Dispatches, thoughts, and miscellanea from writer Jon Konrath

NyQuil, Cameras, DNA, Writing

NyQuil season has started. Despite my persona, I don’t actually drink the stuff unless I’m sick, and that started last week. I can usually tell when I’m about to get a cold because the bottom completely drops out of writing and I can’t answer three-line emails in under an hour. So trying to update this thing today about anything is a challenge.

The first night I took NyQuil, I had some kind of extremely minor blemish or sore on the side of my nose, like right where the pads of my glasses sit. I don’t know how this happened, but I had some dream related to this, and started digging at this in my sleep. I vaguely remember doing it, but I don’t. When I woke up, I looked like a professional wrestler who got hit in the face with the chair, and there was blood everywhere. I had tore open the side of my nose so I have this half-inch gash there now. It wasn’t that bad after I cleaned it up, but the whole experience was horrific. I’ve quit Ambien and Sonata because of playing with my phone when I’m asleep. I hope I don’t need to start wearing gloves when I’m on cold medicine.

The 360 camera experience is over. I returned that Ricoh Theta V I bought. It wasn’t really ready for prime time. The connectivity between the phone and camera was half-baked, involved too many steps, and the software was mostly garbage. Also, more than anything, it was impossible to take a photo without my fat face being in it, which bothered the hell out of me. I don’t want to be in my pictures. So it went back. Now I’m jonesing to get some other new camera I don’t need. I keep looking at mirrorless cameras, but I don’t want to be walking around the ghetto with a thousand dollars on a neck strap.

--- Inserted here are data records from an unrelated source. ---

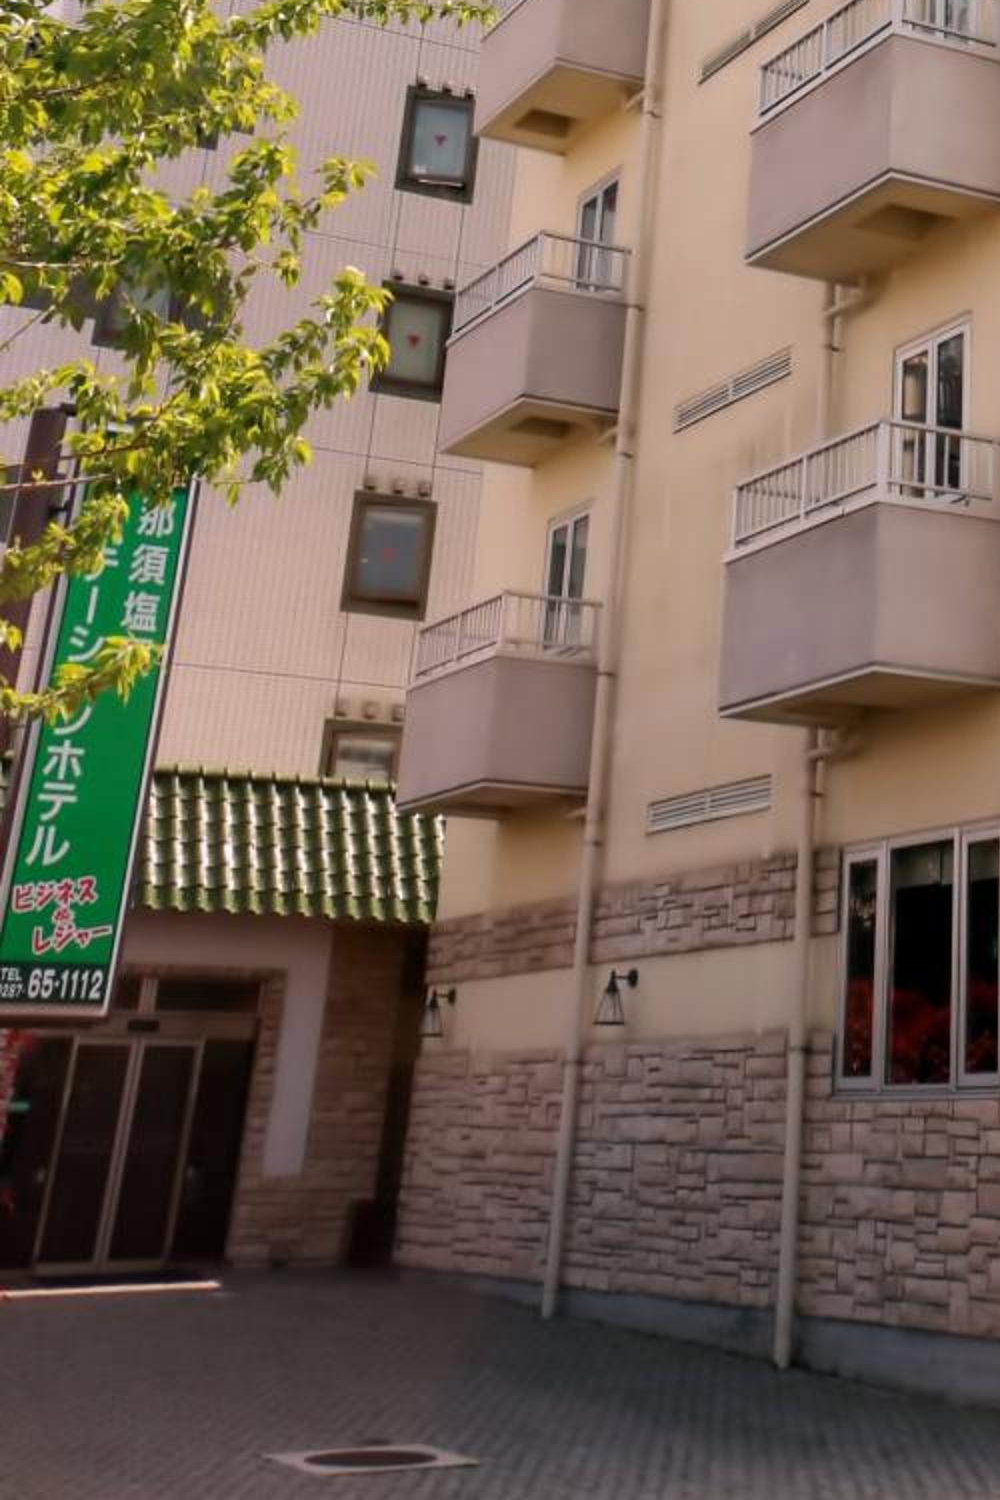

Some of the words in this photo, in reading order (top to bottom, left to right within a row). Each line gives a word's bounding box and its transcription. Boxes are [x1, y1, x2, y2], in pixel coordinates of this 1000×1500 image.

[118, 497, 177, 658] 那須塩
[12, 875, 98, 913] ビジネス
[32, 923, 113, 955] レジャー
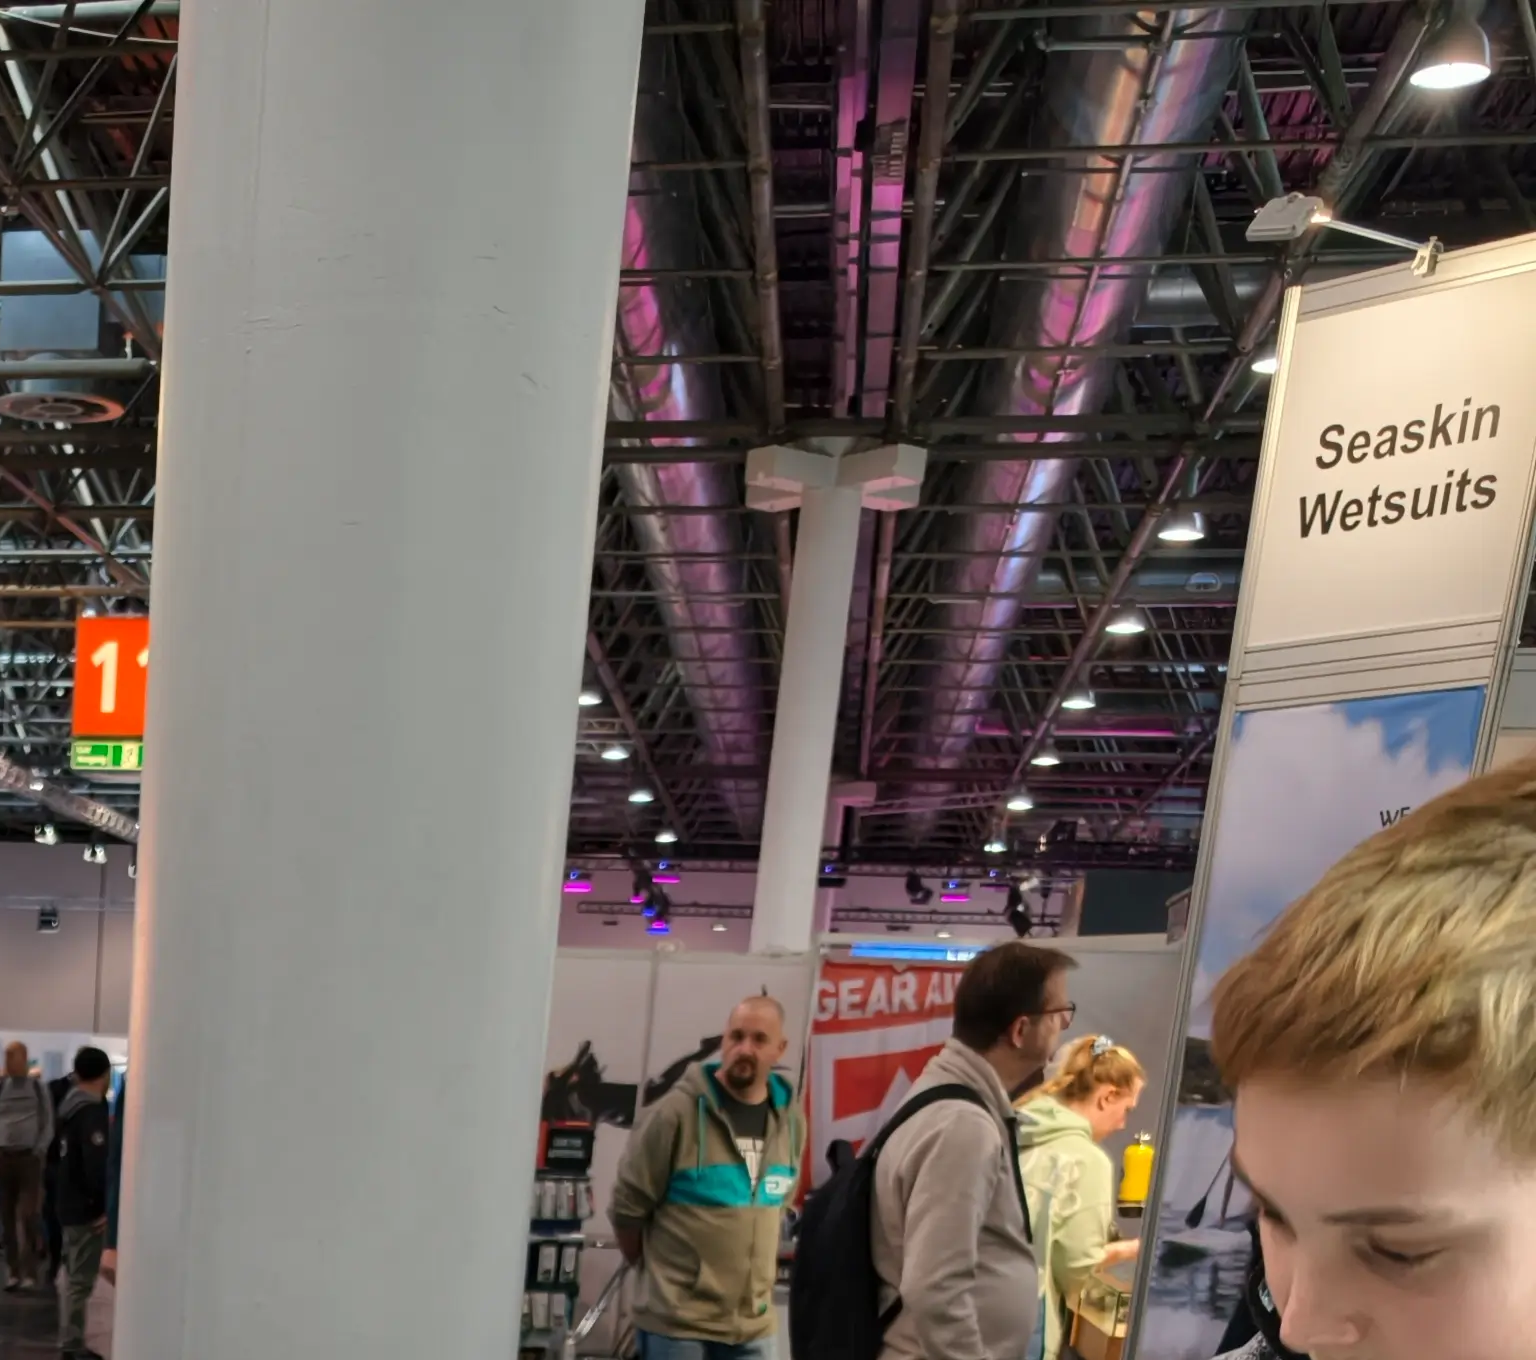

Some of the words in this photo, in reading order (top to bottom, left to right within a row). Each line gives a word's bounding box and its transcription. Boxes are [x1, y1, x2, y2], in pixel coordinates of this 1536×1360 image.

[1315, 397, 1501, 470] Seaskin
[1299, 468, 1498, 539] Wetsuits
[812, 971, 918, 1022] GEAR
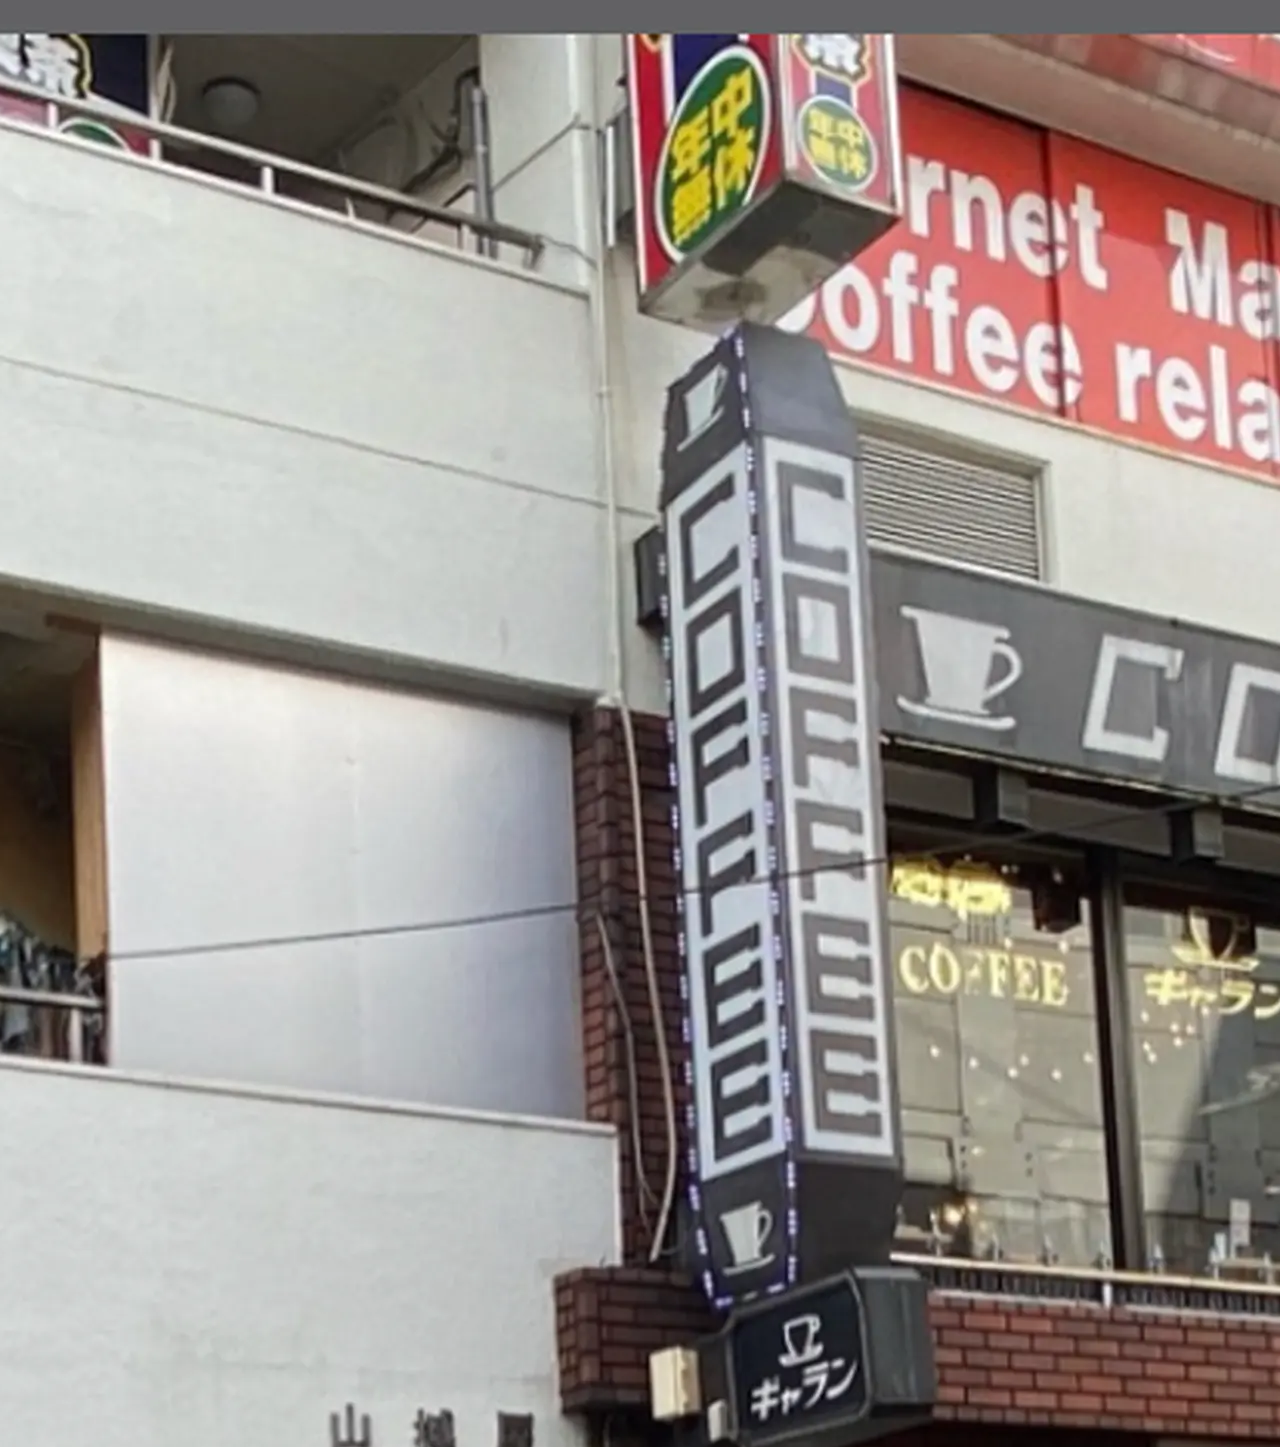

I supposedly have another camera on the way to me. Yashica – or a company that bought the Yashica name – did a kickstarter a while ago for a reboot of their classic Electro 35. But this would be digital, and have this gimmicky “DigiFilm” technology, which is where the camera takes these fake “rolls” of “film” which actually contain computer chips that swap out different filters and processing and whatnot. There’s no LCD screen, and you have to flip a “wind” lever between shots. I bid on it a while ago (probably on Ambien) and of course after the Kickstarter was done and no refunds were possible, they announced that the camera was almost invented and would take months to get into prototype stage, then they’d have to actually figure out how to build them, etc etc etc. So I don’t expect it to ever show up, and if it does, I don’t expect it to really work, but maybe it will look nice on a shelf next to my other film cameras.

Still in food jail. I have been fairly strict about it, but very plateaued. I’m managing to lose a fraction of a pound a week. I know, eat less and exercise. Or whatever crazy fad diet is going around. I get it, shut up.

I actually took a DNA test as part of this current program. It was a new offering for them, and only cost fifty bucks, so I figured what the hell. The test looks at certain genetic markers to see if you have a genetic/hereditary predisposition for certain things that might help or hinder weight loss. It said I had average metabolism, normal likelihood of regaining weight I lost, normal carb processing, a normal sweet tooth, and some other average stuff. It said I had an above average predisposition for being obese, which was a test on the FTO gene.

What was most interesting to me is that it said I had a normal ability to process carbs, a lower ability to process fat, and a higher ability to process protein. This makes sense to me because any time I try to eat some fad diet like keto or Atkins, my body clings onto any fat I consume, regardless of what it is. Scream until you’re blue in the face about “good” fats, but to my body, all fats are bad. The only way I lose weight is to eat a lower fat diet, which usually means a higher protein diet. (If you want to deep dive on this, the genes tested for this were PPARG, TCF7L2, APOA5, CRY2, MTNR1B, and PPM1K.)

Since I’ve finished my latest book, I’ve been trying to figure out what’s next. I have this morgue file of writing that I sift through and pick at and eventually pull into new books, and it’s like 406,000 words now. There’s a part of me that feels like I should just not edit it and split it into 100,000 word chunks with some clever name or title and be done with it. But I have a strong need to write the next “real” book, which is problematic, especially when I’m sick. I also have everyone coming out of the woodwork telling me what I “should” write next, which is annoying.

The seasons are starting to shift quickly here. I got a new light box this week to deal with the impending SAD. I think I’ve only got a few more weeks of walking outside before the weather really nose-dives, so I should look into joining a gym. I should probably go walk now, while the temp is still in the low sixties.